Édouard fumaba por una fosa nasal; una especie de máscara azul oscuro que empezaba debajo de la nariz le cubría la parte inferior del rostro hasta el cuello como una gran barba, la barba de un actor de tragedia griega. Aquel azul oscuro pero reluciente estaba salpicado de minúsculos puntos dorados, como si le hubieran espolvoreado lentejuelas antes del secado.
Albert no disimuló su sorpresa. Édouard hizo un gesto teatral con la mano, como si le preguntara: «Bueno, ¿qué te parece?» Era muy curioso. Por primera vez desde que lo conocía, veía a Édouard con una expresión realmente humana. De hecho, la máscara era muy bonita, no podía decirse de otro modo.

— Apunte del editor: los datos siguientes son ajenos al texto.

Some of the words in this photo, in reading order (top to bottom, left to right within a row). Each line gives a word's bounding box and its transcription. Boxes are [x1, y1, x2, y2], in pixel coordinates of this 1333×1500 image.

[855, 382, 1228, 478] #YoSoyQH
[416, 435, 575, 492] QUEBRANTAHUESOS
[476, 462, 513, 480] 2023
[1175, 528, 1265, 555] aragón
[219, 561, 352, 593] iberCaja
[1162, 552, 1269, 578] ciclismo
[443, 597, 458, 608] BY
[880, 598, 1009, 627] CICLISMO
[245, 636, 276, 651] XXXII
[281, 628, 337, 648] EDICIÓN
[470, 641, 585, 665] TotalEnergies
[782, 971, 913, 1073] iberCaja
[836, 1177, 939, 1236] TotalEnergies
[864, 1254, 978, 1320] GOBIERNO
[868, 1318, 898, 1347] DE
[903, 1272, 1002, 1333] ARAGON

En ese momento, Albert oyó un sonido ahogado a su izquierda y, al volverse, aún le dio tiempo a ver a Louise escabullirse y desaparecer escaleras abajo. Era la primera vez que la oía reír.

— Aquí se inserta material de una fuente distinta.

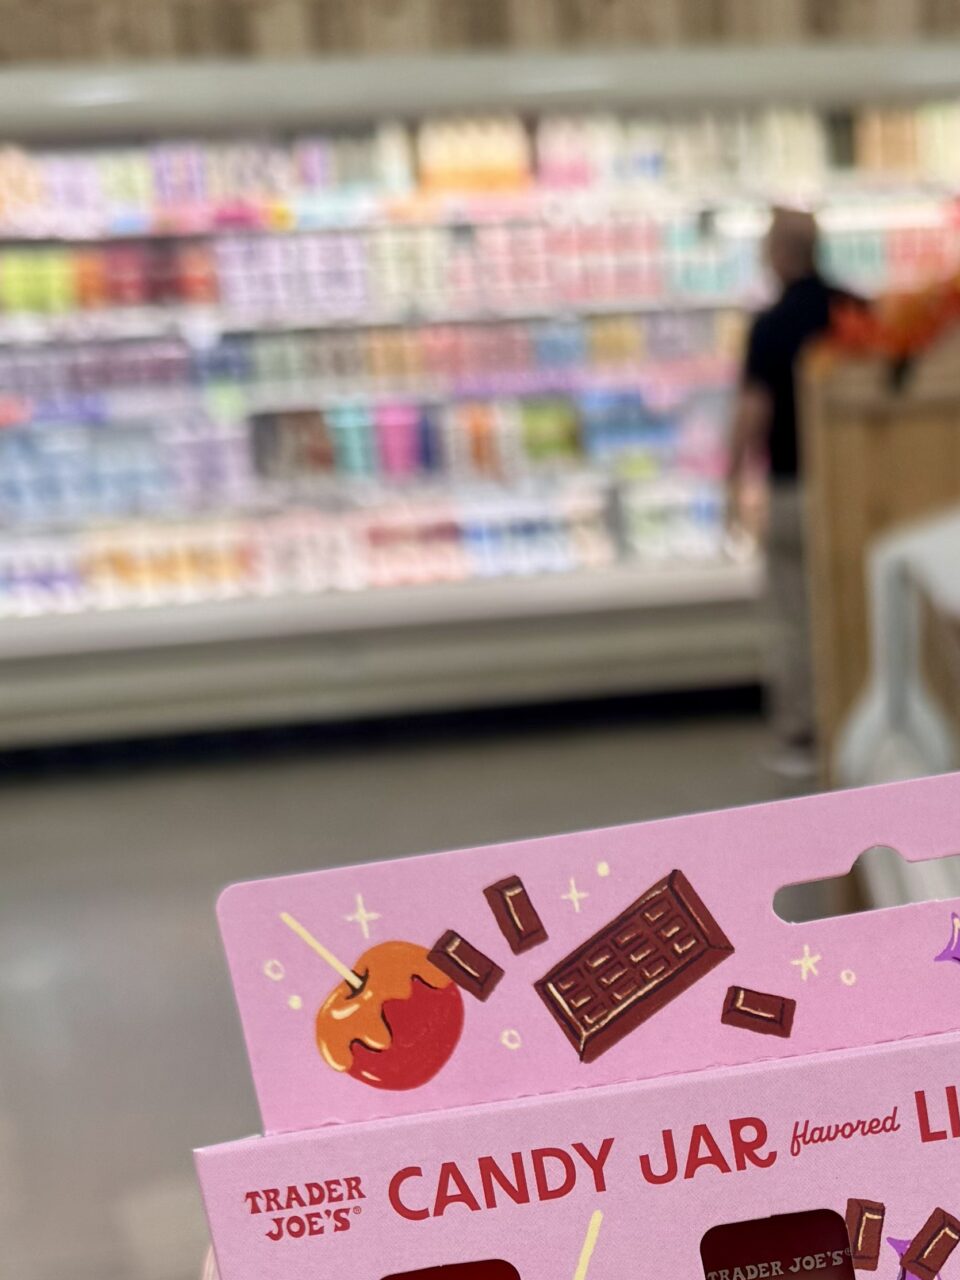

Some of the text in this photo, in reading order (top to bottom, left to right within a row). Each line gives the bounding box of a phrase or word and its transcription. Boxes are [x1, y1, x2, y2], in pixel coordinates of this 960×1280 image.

[244, 1175, 367, 1216] TRADER
[388, 1137, 615, 1222] CANDY
[639, 1116, 778, 1186] JAR
[789, 1107, 901, 1157] flavored

Las máscaras habían llegado para quedarse, como la propia Louise.
Días después, Édouard llevaba una totalmente blanca sobre la que había dibujada una gran boca sonriente. Con sus risueños ojos brillantes, parecía un actor de teatro italiano, una especie de Sganarelle o Pagliaccio. Ahora, al acabar de leer los periódicos, hacía con ellos pasta de papel para fabricar máscaras blancas como la tiza, que Louise y él pintaban o decoraban. Lo que había empezado como un juego se convirtió rápidamente en una ocupación a jornada completa. La niña era la gran sacerdotisa que, según el día, aportaba el estrás, las perlas, los retales, el fieltro de colores, las plumas de avestruz, la piel de serpiente de imitación… Debía de ser agotador ir de aquí para allá buscando todas aquellas baratijas, además de los periódicos. Albert no habría sabido adónde acudir.

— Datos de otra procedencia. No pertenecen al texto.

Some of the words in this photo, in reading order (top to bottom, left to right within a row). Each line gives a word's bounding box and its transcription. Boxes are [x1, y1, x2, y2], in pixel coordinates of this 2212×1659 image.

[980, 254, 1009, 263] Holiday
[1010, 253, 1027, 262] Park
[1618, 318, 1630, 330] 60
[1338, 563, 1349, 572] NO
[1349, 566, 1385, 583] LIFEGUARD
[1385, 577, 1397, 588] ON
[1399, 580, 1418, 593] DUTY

Édouard y Louise se pasaban las horas muertas así, haciendo máscaras. Él nunca se ponía dos veces la misma, la nueva sustituía a la vieja, que se colgaba con sus compañeras en las paredes de la vivienda, como si fueran trofeos de caza o la colección de los disfraces en una tienda de travestís.
Eran casi las nueve cuando Albert llegó al pie de la escalera con la caja de zapatos bajo el brazo.
La mano izquierda, la del navajazo, le dolía horrores a pesar del vendaje del doctor Martineau y estaba de un humor cambiante. Aquel alijo, obtenido en dura lid, le brindaría un respiro. La búsqueda de la morfina era muy absorbente y angustiosa para alguien como él, tan impresionable, tan sensible a las emociones de todo tipo… Al mismo tiempo, no podía evitar pensar que con lo que llevaba en la caja habría podido acabar con su compañero veinte, cien veces.
Dio tres pasos, levantó la polvorienta lona que cubría los descuajaringados restos de un motocarro, hizo sitio entre los trastos que llenaban el cajón y metió la preciada caja de zapatos.
Por el camino había hecho un cálculo rápido. Si Édouard se ceñía a la dosis actual, que ya era un tanto excesiva, estarían tranquilos casi seis meses.